Cette enquête prend fin avec le numéro du 27 janvier 1950. Un encadré signé par la rédaction précise qu’il ne s’est jamais agi pour nous de défendre Céline, non plus de l’attaquer. Simplement, à travers son cas, nous avons voulu nous élever contre les procès d’opinion. Précisant cela, les rédacteurs expriment par ailleurs le fait qu’un certain nombre de lecteurs trouvait qu’on en faisait trop et terminent avec cette phrase pour le moins curieuse si ce n’est choquante en l’état : Mais nous n’admettons pas que les juges qui condamnent les insoumis, les objecteurs, qui gardent en prison les mineurs, condamnent un homme qui au moins a eu, lui, le courage de ses opinions. ». Dans le même numéro on trouve cette fois les noms d’Albert Camus, de Benjamin Péret, d’Alain Sergent et de Jean-Gabriel Daragnès, peintre et illustrateur, ami de Céline. Si les deux derniers se rangent aux côté de Céline. Péret et Camus font montre d’une opposition radicale. Pour Péret : Toute son œuvre constitue une véritable provocation à la délation et, de ce fait, devient indéfendable à quelque point de vue qu’on se place car la poésie ne passe pas, quoi qu’en disent ses thuriféraires, par la bassesse et l’ordure ». Le poète s’insurge contre « une campagne de « blanchiment » des éléments fascistes et antisémites qui se développe sous nos yeux ». Camus abonde dans ce sens : « […] Mais vous ne m’en voudrez pas d’ajouter que l’antisémitisme, et particulièrement l’antisémitisme des années 40, me répugne au moins autant. C’est pourquoi je suis d’avis, lorsque Céline aura obtenu ce qu’il veut, qu’on nous laisse tranquilles avec son cas. »
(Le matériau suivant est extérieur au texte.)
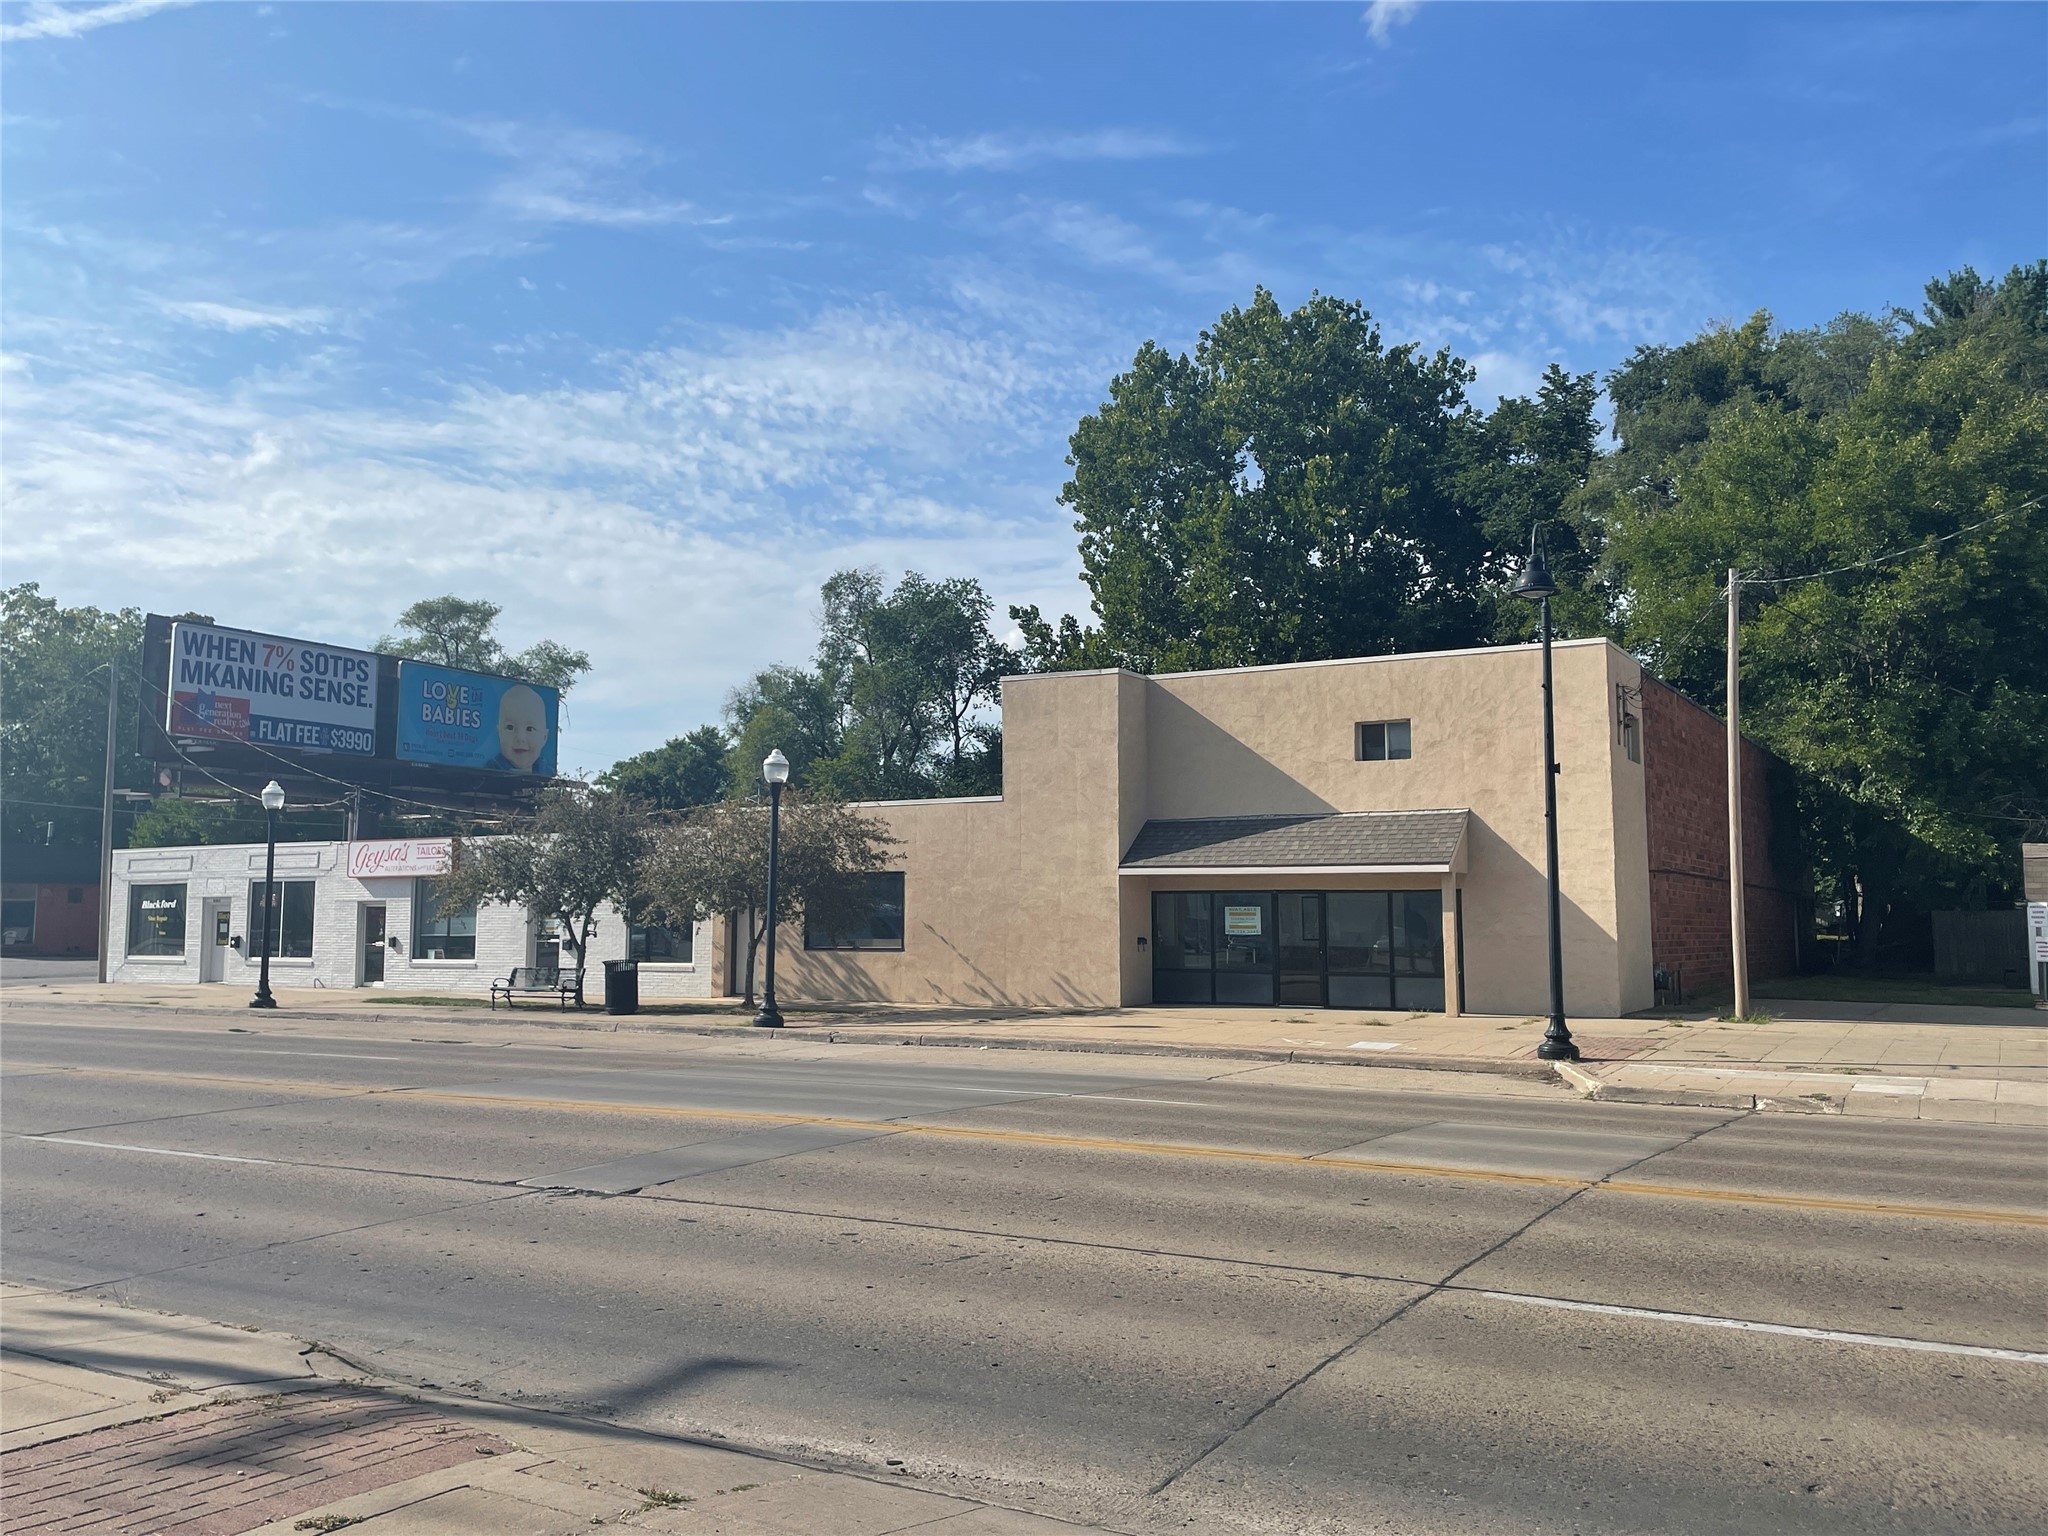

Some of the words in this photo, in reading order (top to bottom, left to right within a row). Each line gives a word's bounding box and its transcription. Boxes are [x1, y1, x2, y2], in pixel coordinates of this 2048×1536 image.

[182, 630, 256, 665] WHEN
[262, 643, 295, 672] 7%
[300, 650, 369, 682] SOTPS
[180, 658, 294, 697] MKANING
[299, 676, 373, 709] SENSE.
[423, 679, 469, 704] LOVE
[199, 703, 242, 718] generation
[214, 701, 232, 710] next
[422, 703, 481, 728] BABIES
[259, 720, 293, 742] FLAT
[295, 724, 320, 745] FEE
[330, 728, 372, 751] $3990
[352, 842, 410, 875] Geysa's
[417, 846, 446, 856] TAILORS
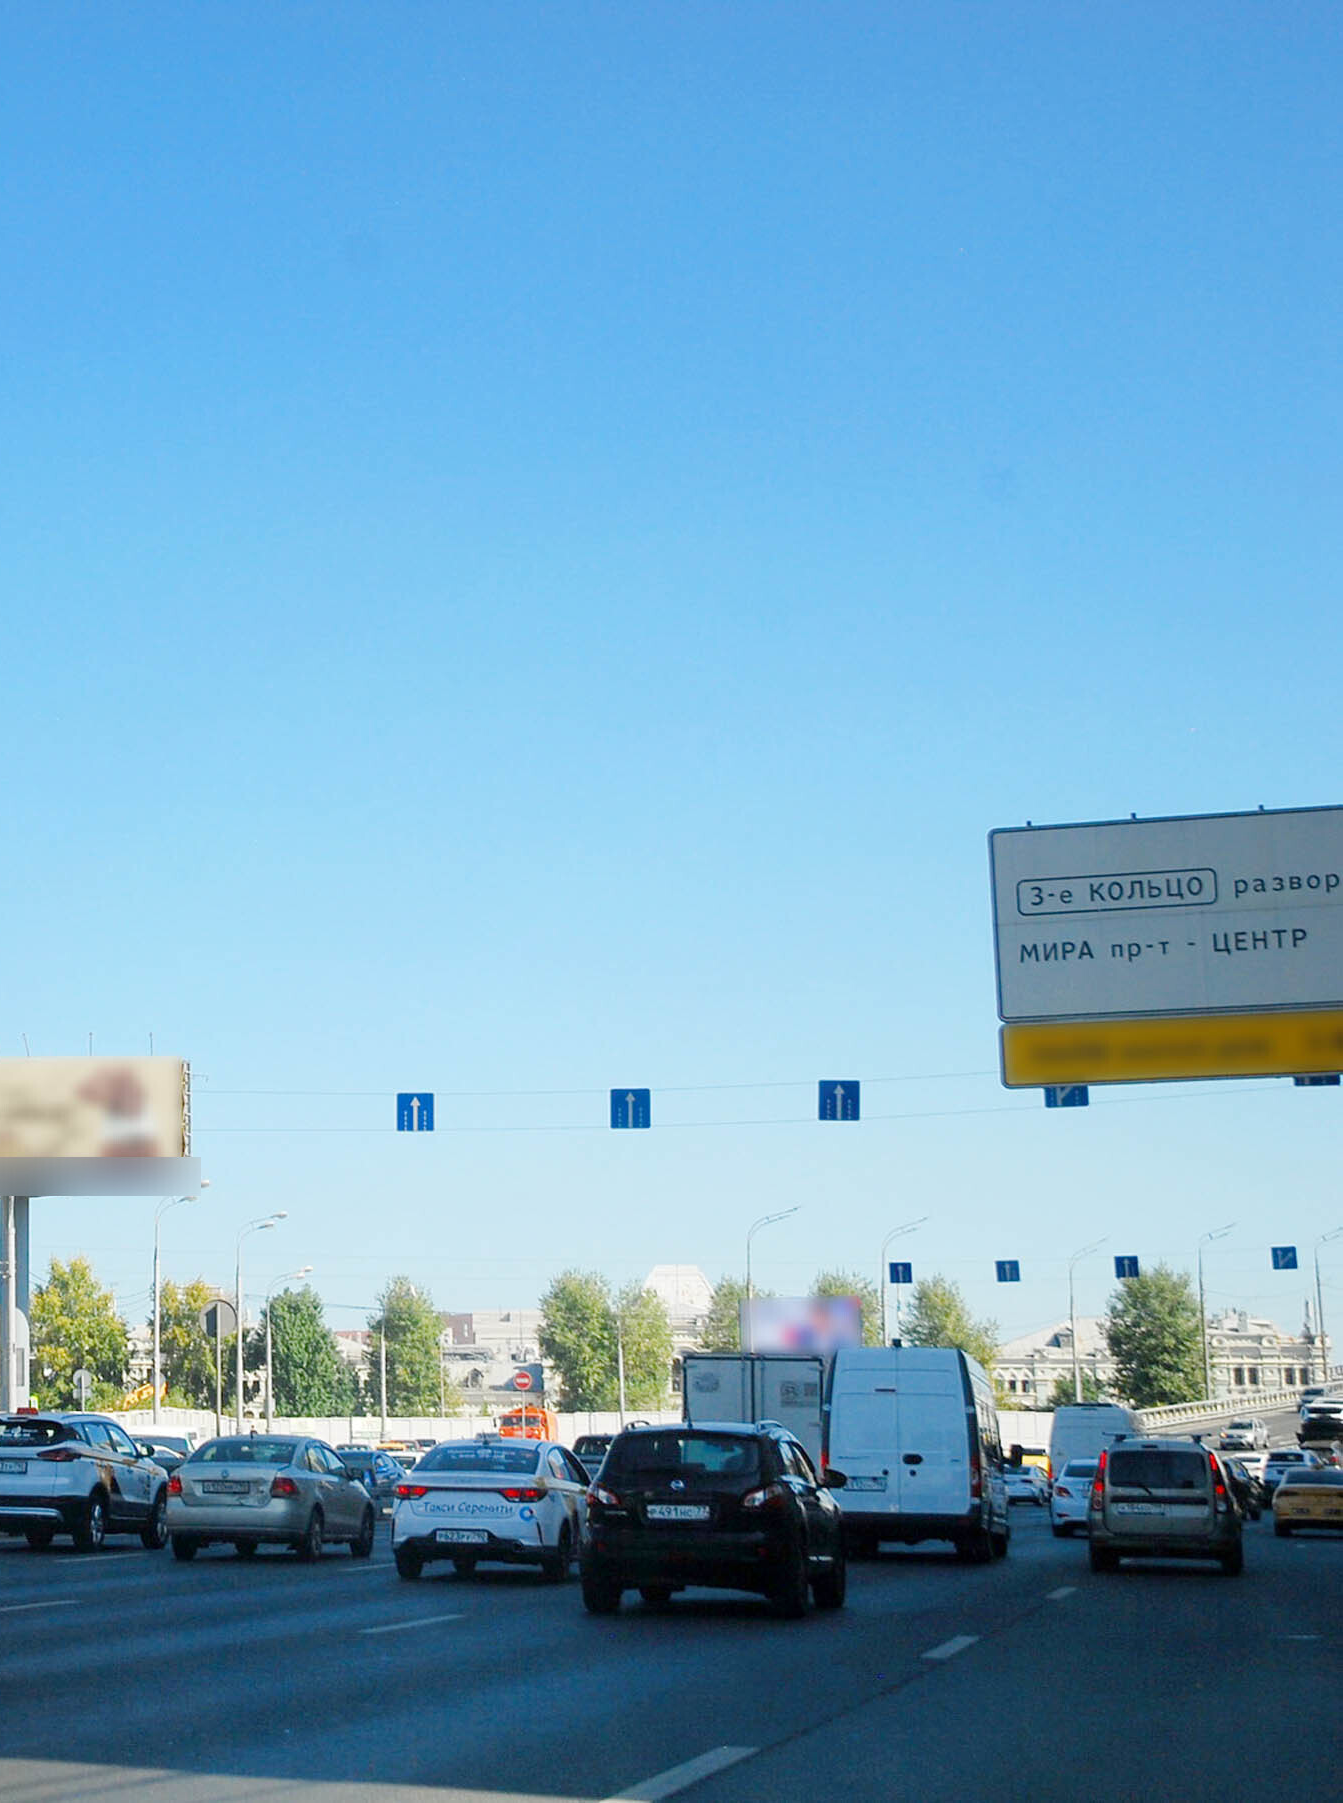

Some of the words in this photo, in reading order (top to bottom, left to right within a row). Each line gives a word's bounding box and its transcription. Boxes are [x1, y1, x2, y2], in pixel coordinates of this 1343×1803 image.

Cinq militants du groupe Sacco-Vanzetti de la Fédération anarchiste interviennent alors, dans le même numéro : En admettant même que Céline ait « la meute au cul », écrivent-ils, cette meute ne nous paraît pas comparable à celle qui s’acharne contre les persécutés sociaux d’Espagne, de Bulgarie, de Bolivie, de Grèce, d’Europe orientale, des Indes, du Vietnam ou, sans aller si loin, d’Afrique du Nord et de France (voir mineurs, déserteurs, etc.), ce sont ceux-là, ces lampistes, ces révolutionnaires, ces inconnus sans panache, qu’il est dans la tradition du Libertaire de défendre et non ceux qui ont le mépris de la masse, ceux qui sont bien assez grands pour se tirer des mauvais draps dans lesquels ils se mettent ».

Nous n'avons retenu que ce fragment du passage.